_RECORD SET_:
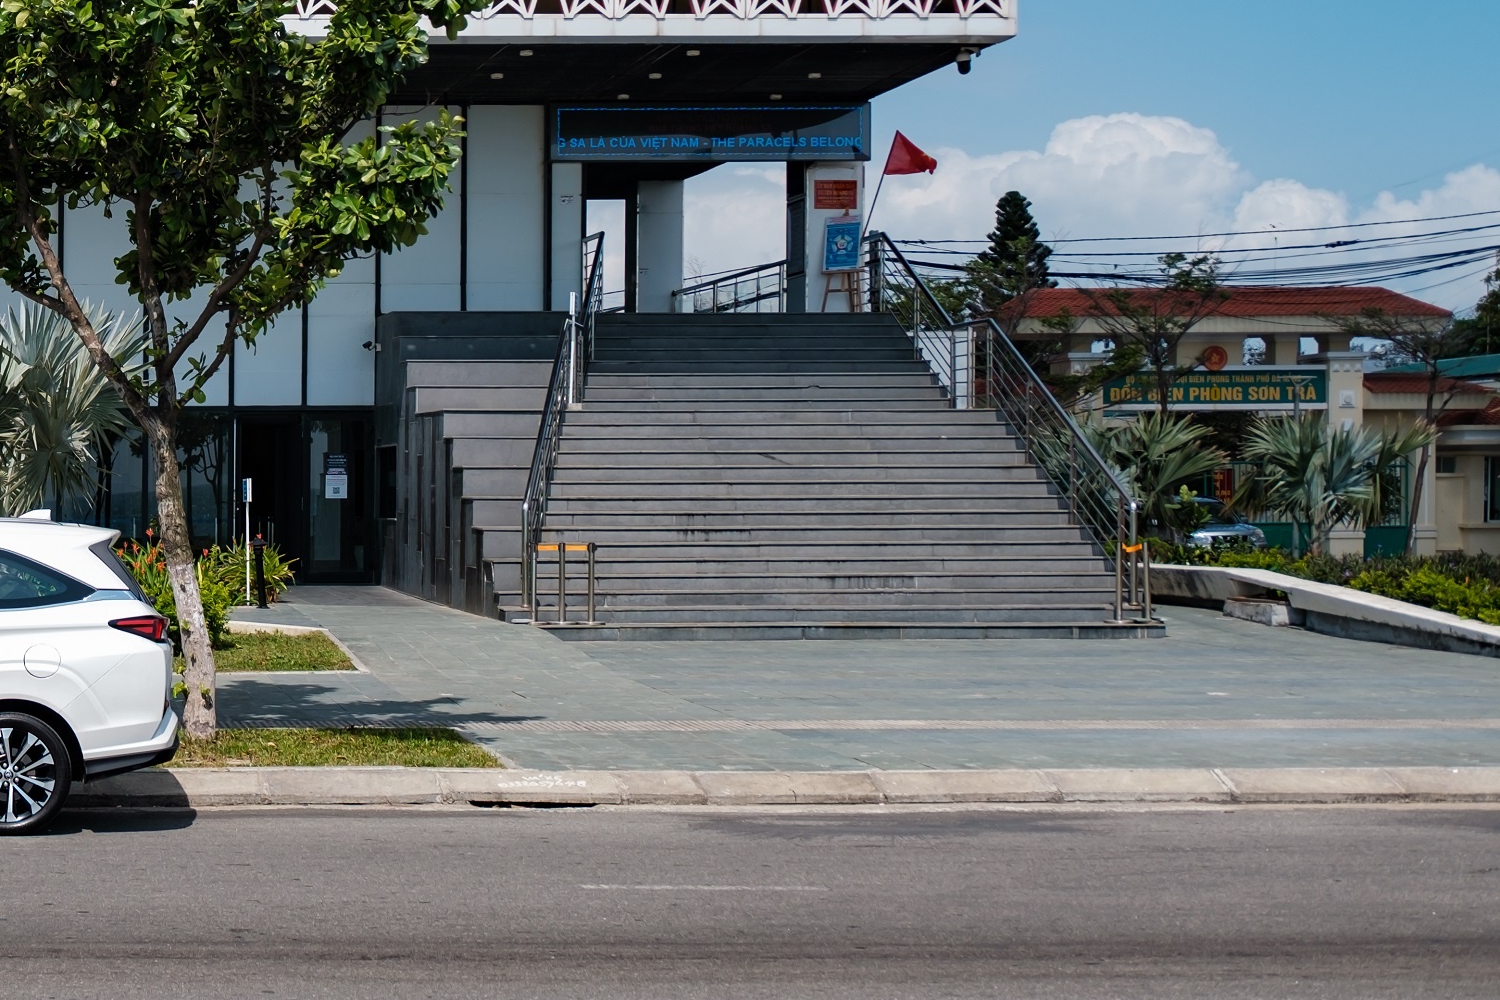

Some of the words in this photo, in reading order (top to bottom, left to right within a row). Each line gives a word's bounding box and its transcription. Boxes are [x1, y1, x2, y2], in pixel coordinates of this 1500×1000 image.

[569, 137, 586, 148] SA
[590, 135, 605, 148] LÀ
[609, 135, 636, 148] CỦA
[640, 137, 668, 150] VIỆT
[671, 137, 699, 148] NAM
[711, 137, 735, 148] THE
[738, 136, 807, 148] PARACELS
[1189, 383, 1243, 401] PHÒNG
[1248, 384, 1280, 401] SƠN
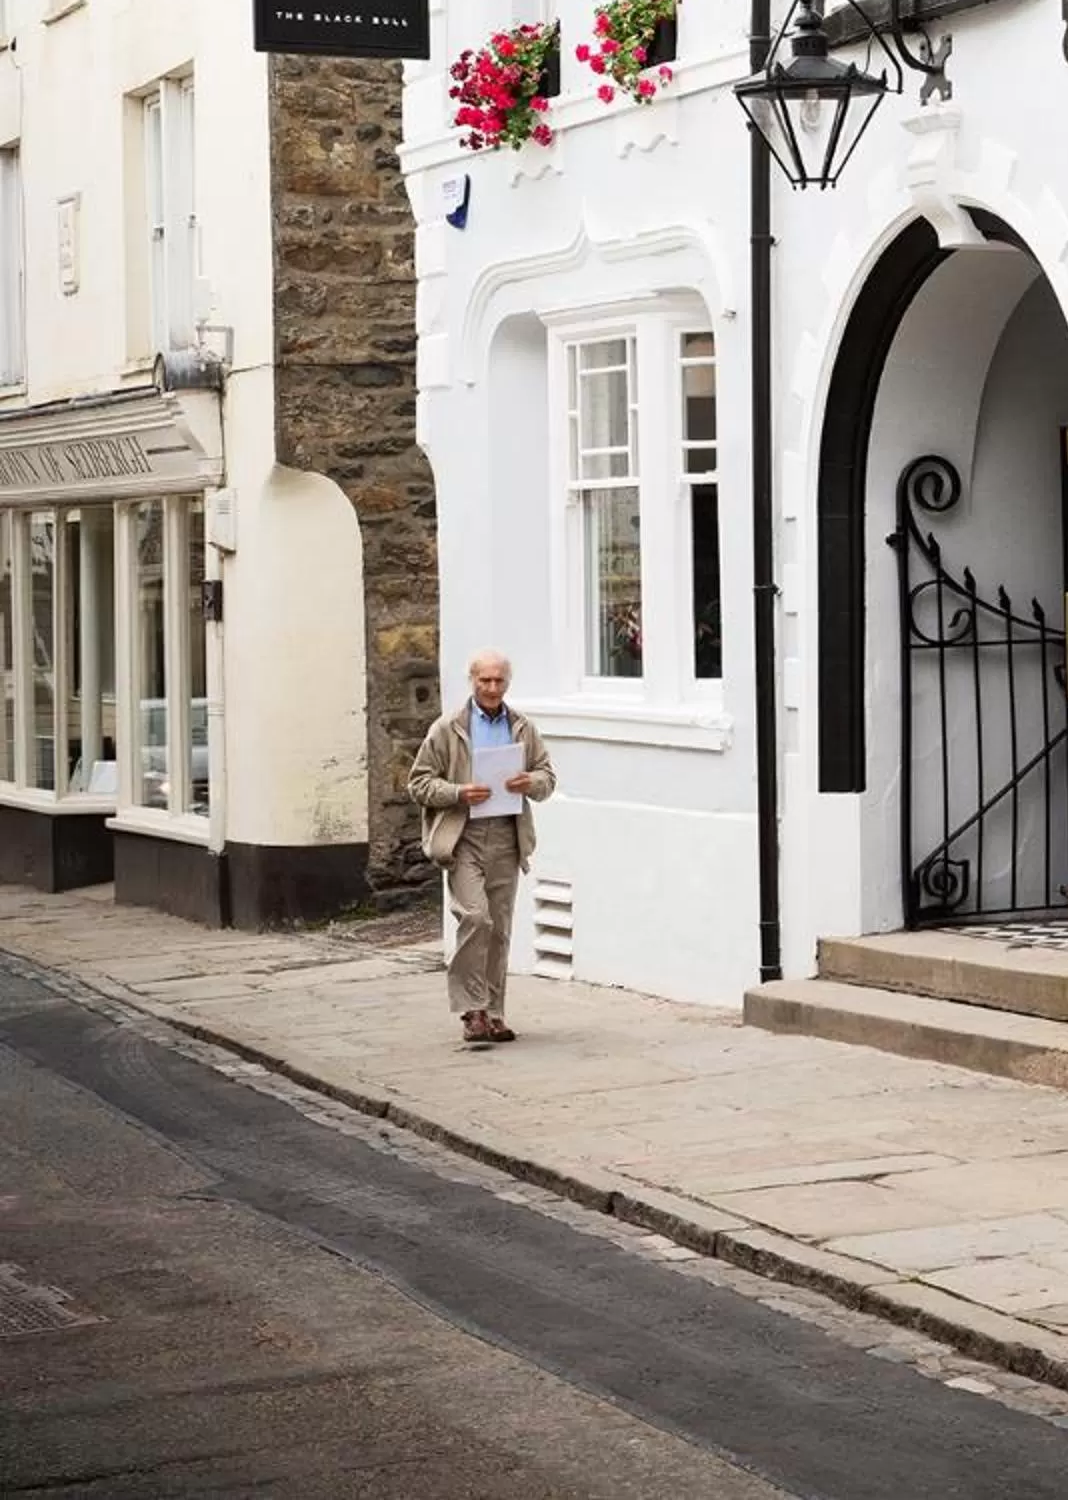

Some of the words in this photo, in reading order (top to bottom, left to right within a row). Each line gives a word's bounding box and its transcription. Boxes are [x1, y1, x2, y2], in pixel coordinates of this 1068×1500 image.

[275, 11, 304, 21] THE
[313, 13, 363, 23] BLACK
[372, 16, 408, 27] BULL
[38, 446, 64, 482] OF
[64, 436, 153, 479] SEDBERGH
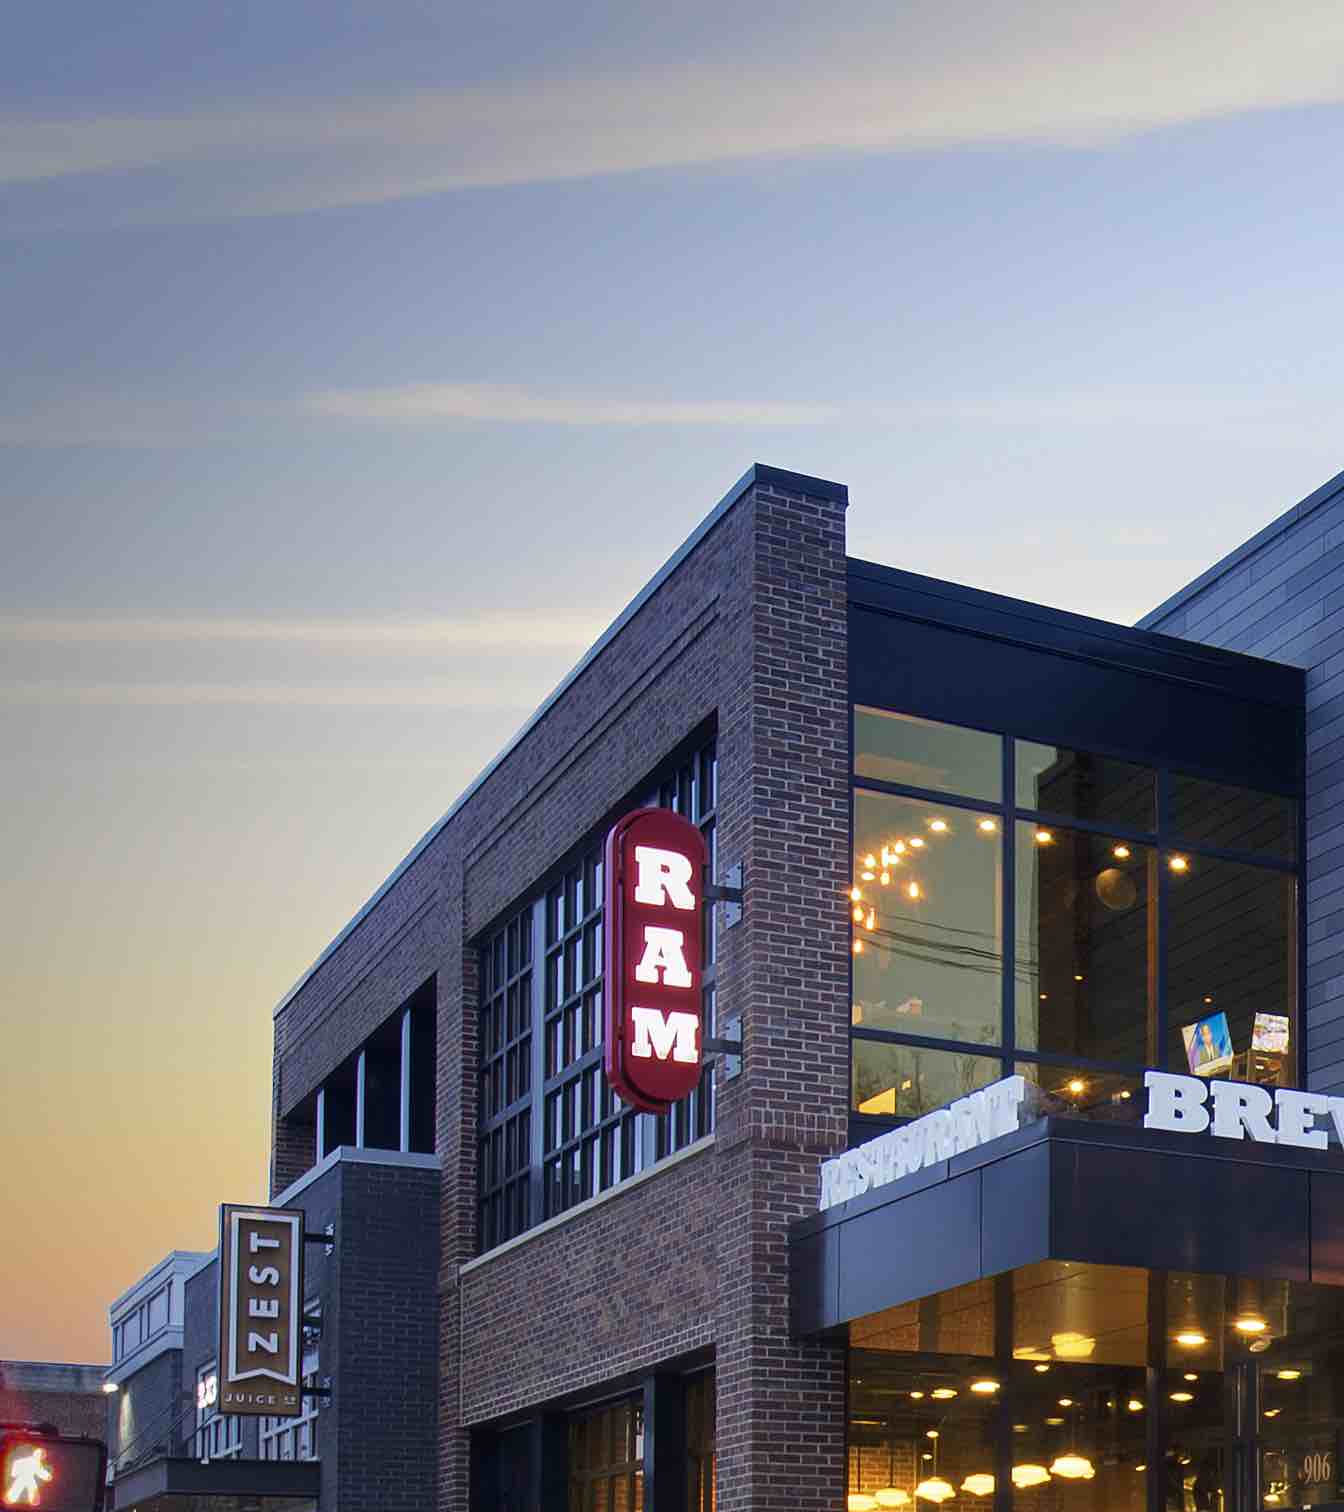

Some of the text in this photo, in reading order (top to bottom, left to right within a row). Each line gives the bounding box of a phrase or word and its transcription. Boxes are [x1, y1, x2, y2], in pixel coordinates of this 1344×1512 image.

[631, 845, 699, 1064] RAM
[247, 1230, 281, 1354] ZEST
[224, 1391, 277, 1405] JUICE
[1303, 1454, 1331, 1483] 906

_WHAT THE EXERCISE ASKS_:
Your answer should be the line with "Some of the text" and all lines after it in the listing above, repeated exactly. No other lines belong.

_YOUR RESPONSE_:
Some of the text in this photo, in reading order (top to bottom, left to right within a row). Each line gives the bounding box of a phrase or word and its transcription. Boxes are [x1, y1, x2, y2], in pixel coordinates of this 1344×1512 image.

[631, 845, 699, 1064] RAM
[247, 1230, 281, 1354] ZEST
[224, 1391, 277, 1405] JUICE
[1303, 1454, 1331, 1483] 906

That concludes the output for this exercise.